### HOW TO COMPLETE THIS TASK:
Every line below needs to be returned exactly as written.

Saved data entries

***

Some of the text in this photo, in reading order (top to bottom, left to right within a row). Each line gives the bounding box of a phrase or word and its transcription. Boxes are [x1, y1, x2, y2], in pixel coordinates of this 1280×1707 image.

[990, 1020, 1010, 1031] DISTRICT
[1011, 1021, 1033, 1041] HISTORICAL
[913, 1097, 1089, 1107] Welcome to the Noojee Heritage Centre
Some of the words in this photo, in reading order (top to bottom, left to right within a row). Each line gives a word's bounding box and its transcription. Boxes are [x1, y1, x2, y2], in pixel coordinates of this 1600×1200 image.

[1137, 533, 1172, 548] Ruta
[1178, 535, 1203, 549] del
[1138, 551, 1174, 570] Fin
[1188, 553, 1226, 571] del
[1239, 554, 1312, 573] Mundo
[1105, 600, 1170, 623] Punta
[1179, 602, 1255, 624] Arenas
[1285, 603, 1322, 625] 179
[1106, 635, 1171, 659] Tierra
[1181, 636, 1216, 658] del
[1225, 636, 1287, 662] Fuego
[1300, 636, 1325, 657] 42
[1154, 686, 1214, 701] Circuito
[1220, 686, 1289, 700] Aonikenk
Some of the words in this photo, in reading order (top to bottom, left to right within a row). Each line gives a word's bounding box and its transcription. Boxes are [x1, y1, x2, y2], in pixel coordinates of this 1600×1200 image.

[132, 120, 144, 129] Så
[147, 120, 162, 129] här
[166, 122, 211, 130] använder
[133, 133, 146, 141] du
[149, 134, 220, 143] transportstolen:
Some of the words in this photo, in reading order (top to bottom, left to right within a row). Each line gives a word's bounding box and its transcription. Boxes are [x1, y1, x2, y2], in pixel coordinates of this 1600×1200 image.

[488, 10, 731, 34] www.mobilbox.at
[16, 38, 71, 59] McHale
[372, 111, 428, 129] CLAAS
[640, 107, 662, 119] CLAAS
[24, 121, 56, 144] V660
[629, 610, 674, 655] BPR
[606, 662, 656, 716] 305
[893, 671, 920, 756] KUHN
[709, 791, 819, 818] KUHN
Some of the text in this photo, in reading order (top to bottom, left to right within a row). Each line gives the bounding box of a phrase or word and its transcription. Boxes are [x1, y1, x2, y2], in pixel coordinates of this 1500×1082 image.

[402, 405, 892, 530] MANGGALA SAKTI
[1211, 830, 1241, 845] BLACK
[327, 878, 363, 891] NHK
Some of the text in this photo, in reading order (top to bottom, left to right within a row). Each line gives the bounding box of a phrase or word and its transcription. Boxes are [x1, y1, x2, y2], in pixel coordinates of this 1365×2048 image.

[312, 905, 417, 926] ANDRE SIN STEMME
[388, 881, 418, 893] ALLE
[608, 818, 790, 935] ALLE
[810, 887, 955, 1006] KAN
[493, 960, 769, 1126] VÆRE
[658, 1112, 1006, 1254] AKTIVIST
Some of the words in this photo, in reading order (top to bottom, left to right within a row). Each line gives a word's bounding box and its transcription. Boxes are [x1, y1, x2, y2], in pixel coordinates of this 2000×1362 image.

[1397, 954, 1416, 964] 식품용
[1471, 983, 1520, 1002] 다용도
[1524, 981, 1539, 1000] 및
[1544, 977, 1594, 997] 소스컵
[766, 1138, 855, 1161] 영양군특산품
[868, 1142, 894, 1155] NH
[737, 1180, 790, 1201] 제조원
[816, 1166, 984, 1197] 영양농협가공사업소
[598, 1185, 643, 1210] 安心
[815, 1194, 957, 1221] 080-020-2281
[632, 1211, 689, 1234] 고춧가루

***

### SOLUTION TO THE EXERCISE:
Some of the text in this photo, in reading order (top to bottom, left to right within a row). Each line gives the bounding box of a phrase or word and its transcription. Boxes are [x1, y1, x2, y2], in pixel coordinates of this 1280×1707 image.

[990, 1020, 1010, 1031] DISTRICT
[1011, 1021, 1033, 1041] HISTORICAL
[913, 1097, 1089, 1107] Welcome to the Noojee Heritage Centre
Some of the words in this photo, in reading order (top to bottom, left to right within a row). Each line gives a word's bounding box and its transcription. Boxes are [x1, y1, x2, y2], in pixel coordinates of this 1600×1200 image.

[1137, 533, 1172, 548] Ruta
[1178, 535, 1203, 549] del
[1138, 551, 1174, 570] Fin
[1188, 553, 1226, 571] del
[1239, 554, 1312, 573] Mundo
[1105, 600, 1170, 623] Punta
[1179, 602, 1255, 624] Arenas
[1285, 603, 1322, 625] 179
[1106, 635, 1171, 659] Tierra
[1181, 636, 1216, 658] del
[1225, 636, 1287, 662] Fuego
[1300, 636, 1325, 657] 42
[1154, 686, 1214, 701] Circuito
[1220, 686, 1289, 700] Aonikenk
Some of the words in this photo, in reading order (top to bottom, left to right within a row). Each line gives a word's bounding box and its transcription. Boxes are [x1, y1, x2, y2], in pixel coordinates of this 1600×1200 image.

[132, 120, 144, 129] Så
[147, 120, 162, 129] här
[166, 122, 211, 130] använder
[133, 133, 146, 141] du
[149, 134, 220, 143] transportstolen:
Some of the words in this photo, in reading order (top to bottom, left to right within a row). Each line gives a word's bounding box and its transcription. Boxes are [x1, y1, x2, y2], in pixel coordinates of this 1600×1200 image.

[488, 10, 731, 34] www.mobilbox.at
[16, 38, 71, 59] McHale
[372, 111, 428, 129] CLAAS
[640, 107, 662, 119] CLAAS
[24, 121, 56, 144] V660
[629, 610, 674, 655] BPR
[606, 662, 656, 716] 305
[893, 671, 920, 756] KUHN
[709, 791, 819, 818] KUHN
Some of the text in this photo, in reading order (top to bottom, left to right within a row). Each line gives the bounding box of a phrase or word and its transcription. Boxes are [x1, y1, x2, y2], in pixel coordinates of this 1500×1082 image.

[402, 405, 892, 530] MANGGALA SAKTI
[1211, 830, 1241, 845] BLACK
[327, 878, 363, 891] NHK
Some of the text in this photo, in reading order (top to bottom, left to right within a row). Each line gives the bounding box of a phrase or word and its transcription. Boxes are [x1, y1, x2, y2], in pixel coordinates of this 1365×2048 image.

[312, 905, 417, 926] ANDRE SIN STEMME
[388, 881, 418, 893] ALLE
[608, 818, 790, 935] ALLE
[810, 887, 955, 1006] KAN
[493, 960, 769, 1126] VÆRE
[658, 1112, 1006, 1254] AKTIVIST
Some of the words in this photo, in reading order (top to bottom, left to right within a row). Each line gives a word's bounding box and its transcription. Boxes are [x1, y1, x2, y2], in pixel coordinates of this 2000×1362 image.

[1397, 954, 1416, 964] 식품용
[1471, 983, 1520, 1002] 다용도
[1524, 981, 1539, 1000] 및
[1544, 977, 1594, 997] 소스컵
[766, 1138, 855, 1161] 영양군특산품
[868, 1142, 894, 1155] NH
[737, 1180, 790, 1201] 제조원
[816, 1166, 984, 1197] 영양농협가공사업소
[598, 1185, 643, 1210] 安心
[815, 1194, 957, 1221] 080-020-2281
[632, 1211, 689, 1234] 고춧가루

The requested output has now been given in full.